07.12.21
08:29

"Est-ce que le gouvernement a besoin qu'on arrête les soins et qu'on crée des morts ?"

Ce mardi, le secteur des soins de santé manifeste aujourd'hui à  Bruxelles pour s’opposer à la vaccination obligatoire et réclamer des moyens. Gaetan Mestag, vice-président du syndicat infirmier "Union4U" et Stephen O'Brien, membre du collectif "Santé en lutte" étaient présents pour évoquer cette situation.

Gaetan Mestag, vice-président du syndicat infirmier "Union4U" invité de La Matinale annonce la couleur rapidement "Le secteur est à bout, l'INAMI le dit dans un rapport paru dans le journal du médecin, on estime à une 1,2 année le retard concernant les soins urgents et à 4 années pour récupérer les soins non-urgents".

"Les investissements doivent avoir lieu au bon endroit, on en a assez d'entendre parler d'un fond blouse blanche" explique Gaetan Mestag.
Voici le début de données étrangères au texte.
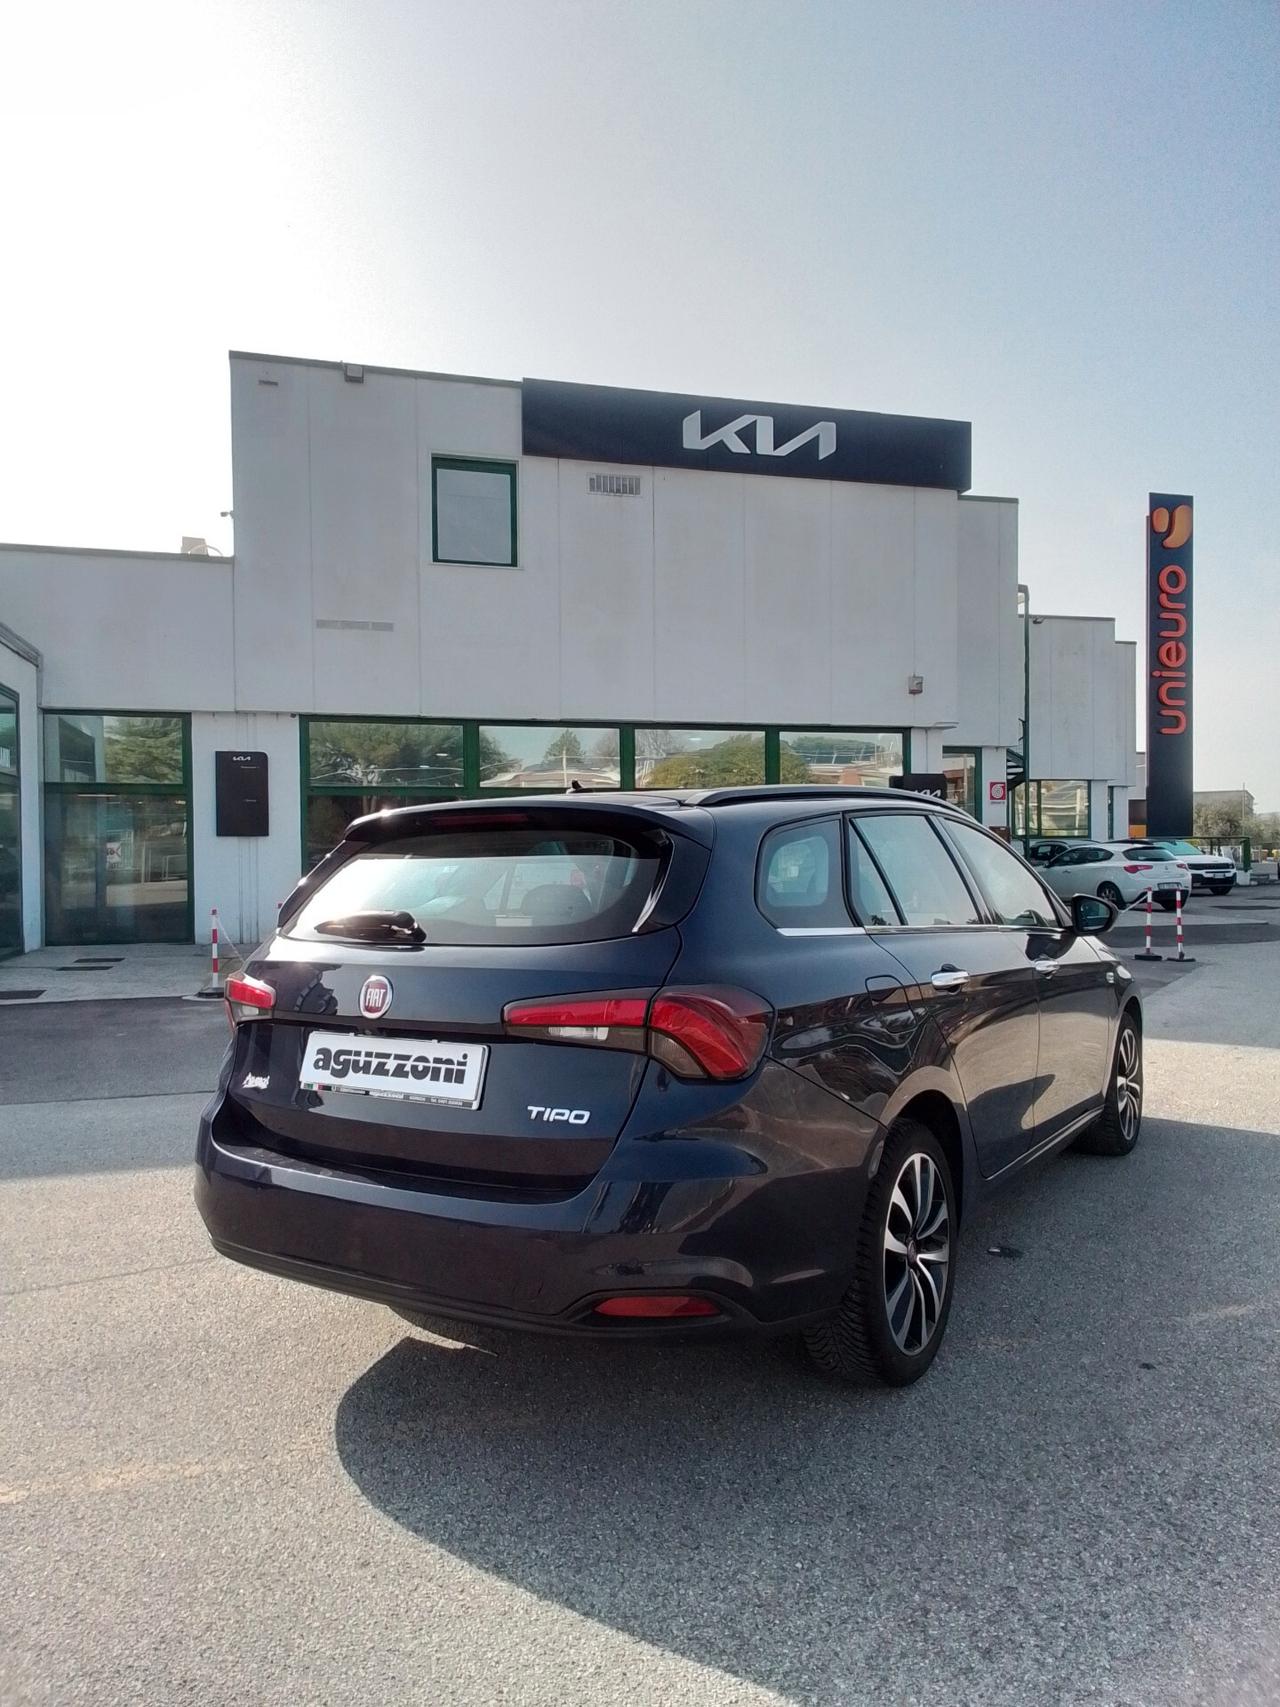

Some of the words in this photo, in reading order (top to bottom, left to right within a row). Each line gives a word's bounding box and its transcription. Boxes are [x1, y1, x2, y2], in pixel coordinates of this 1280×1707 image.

[682, 409, 837, 461] KIA
[1152, 564, 1187, 735] unieuro
[365, 988, 387, 1008] FIAT
[313, 1047, 469, 1084] aguzzoni
[527, 1105, 592, 1126] TIPO
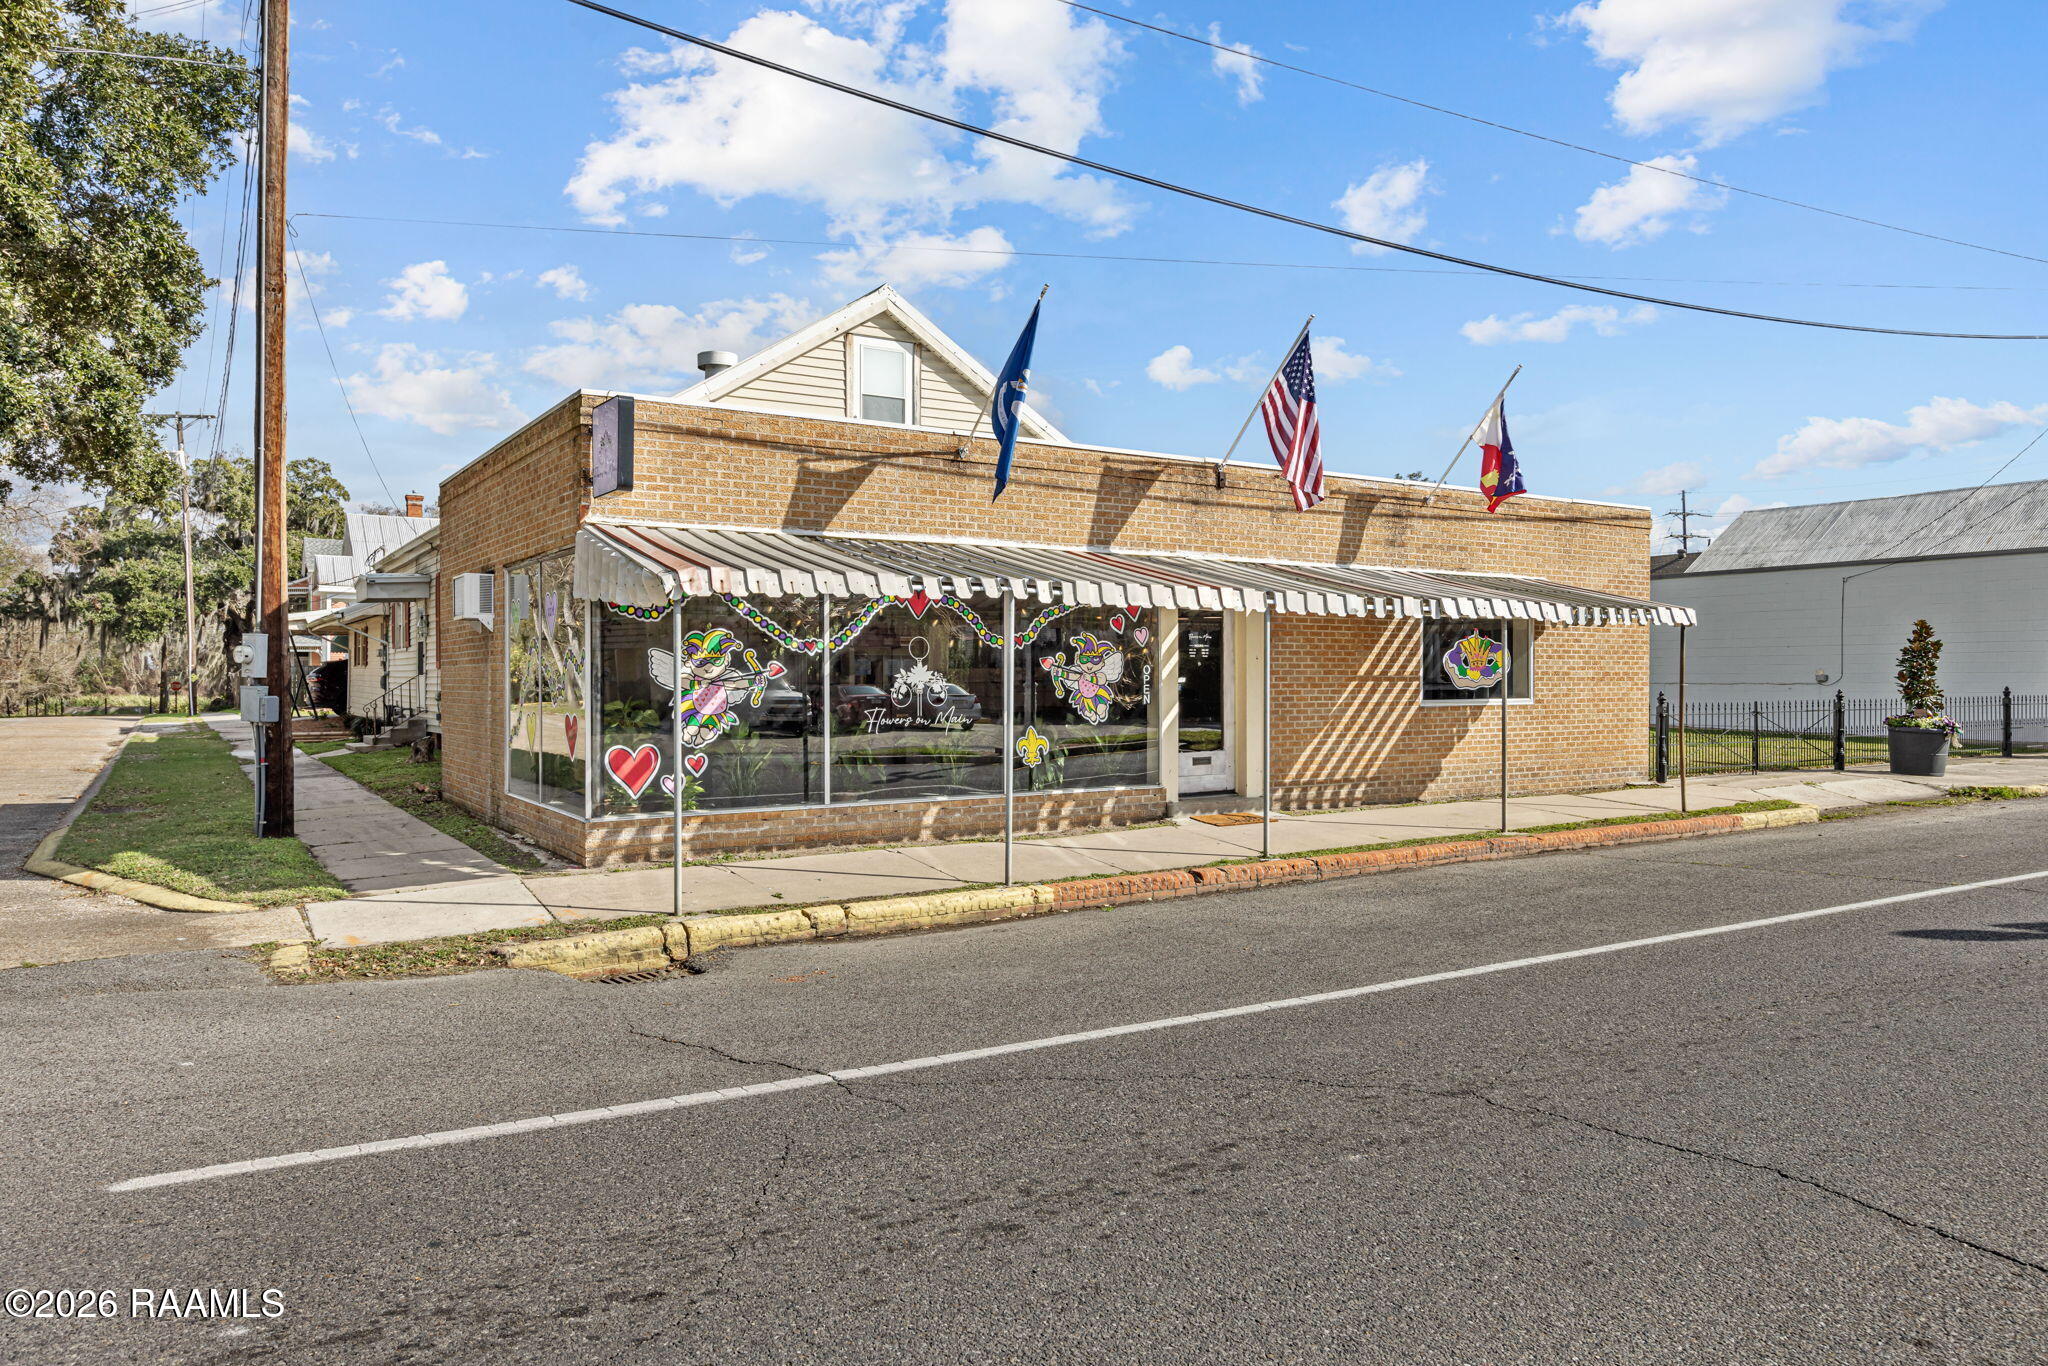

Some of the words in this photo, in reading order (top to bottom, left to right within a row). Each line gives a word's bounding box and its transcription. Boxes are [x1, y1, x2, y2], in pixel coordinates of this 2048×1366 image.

[1143, 664, 1151, 704] OPEN
[864, 707, 913, 734] Flowers
[915, 716, 932, 726] on
[934, 705, 973, 736] Main
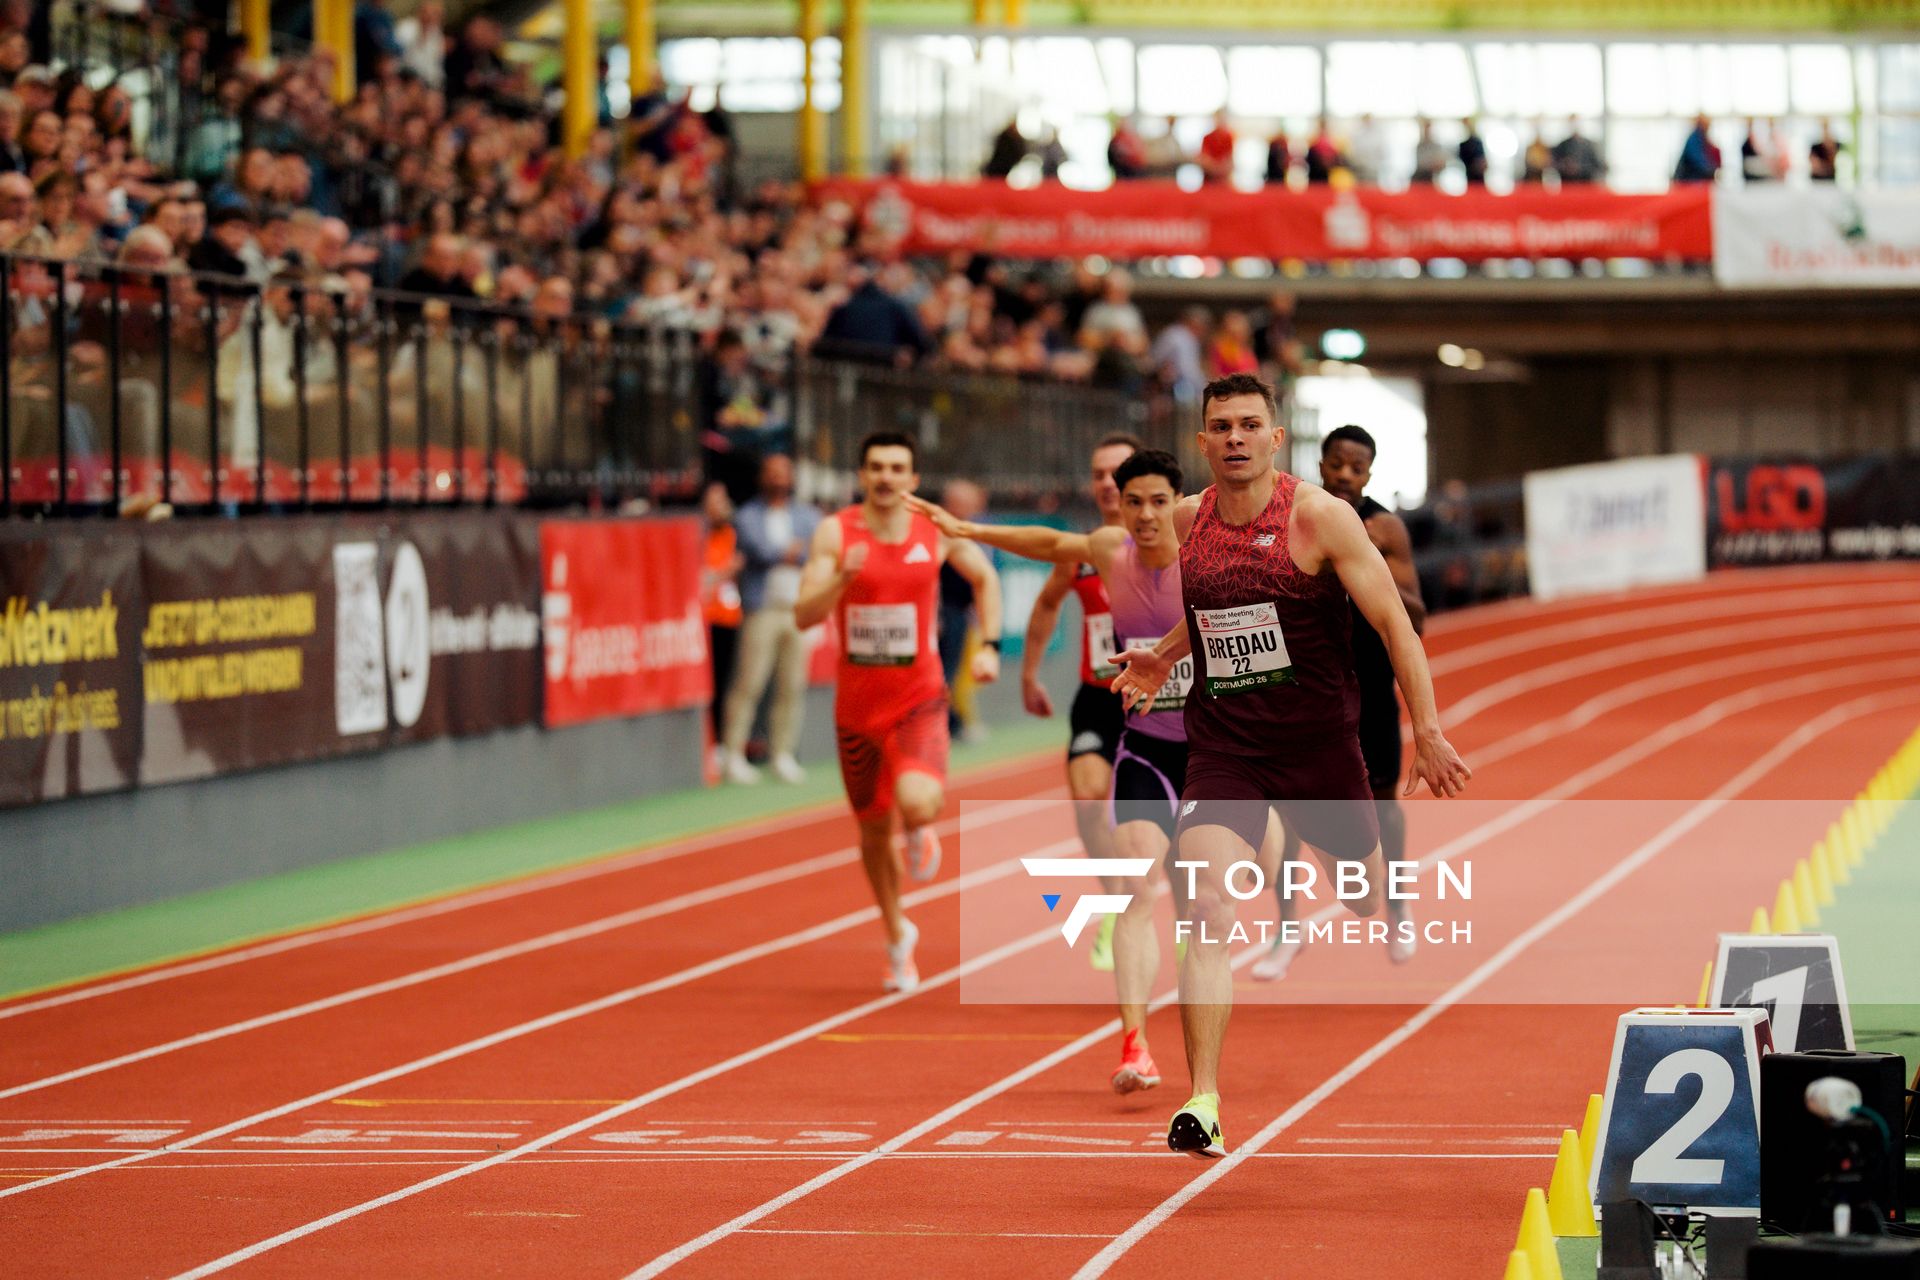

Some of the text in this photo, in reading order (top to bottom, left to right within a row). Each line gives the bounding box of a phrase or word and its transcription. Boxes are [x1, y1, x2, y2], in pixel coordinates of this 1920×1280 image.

Ce même fond qui avait pour but de revaloriser les personnes sur le terrain et a permis de créer 4500 postes. "On a crée, mais pas recruté, il manque toujours des infirmières dans tous les services. La charge de travail est trop importante. Il est logique qu'elles partent car les conditions sont détestables". 

Malgré les conditions dénoncées, le personnel soignant ne se sent pas toujours écouté. "1 an et demi de combats pour deux heures de rendez-vous avec un chef de cabinet"

Malgré les difficultés rencontrées au quotidien, Stephen O'Brien, membre du collectif "Santé en lutte" rappelle que la population compte sur l'éthique des professionnels de santé.  

"C'est quelque chose qui joue beaucoup" explique-t-il. 

Sujet central de cette manifestation, la vaccination obligatoire du personnel soignant. La encore, ce sujet divise. "Ce choix est très clivant. Il y a beaucoup de conflits dans les équipes à cause de cela. Plutôt que l'obligation vaccinale, je suis favorable à la levée des brevets" souligne Stephen O'Brien. 

"On est pas contre, mais pour la vaccination réfléchie et concertée. Obliger quelqu'un ne sert à rien" précise Gaetan Mestag. 

Face à la méfiance des patients, les médecins aimeraient plus de temps pour la pédagogie. "Dans mon travail de tous les jours, le gouvernement ne me donne pas assez de temps pour pouvoir parler de la vaccination" explique Stephen O'Brien.

Interrogé sur la vaccination, Jean Michel Hougardy, directeur général médical de l'hôpital Erasme se veut optimiste. "Je rêve d'un hôpital où tout le monde qui y travaille soit réellement vacciné sans distinction de professions"

Quelles sont les solutions pour sortir de cette situation ? "Il faut un milliard et demi, revaloriser les études. Aujourd'hui nous sommes prêts à aller à une grève au finish. Est-ce que le gouvernement a besoin qu'on arrête les soins et qu'on crée des morts ?" rajoute Gaetan Mestag. 

Pour Jean Michel Hougardy, il est important de revoir l'entièreté des activités de soins pour pouvoir répartir la tension et la prise en charge de l'ensemble des patients sur cette chaine.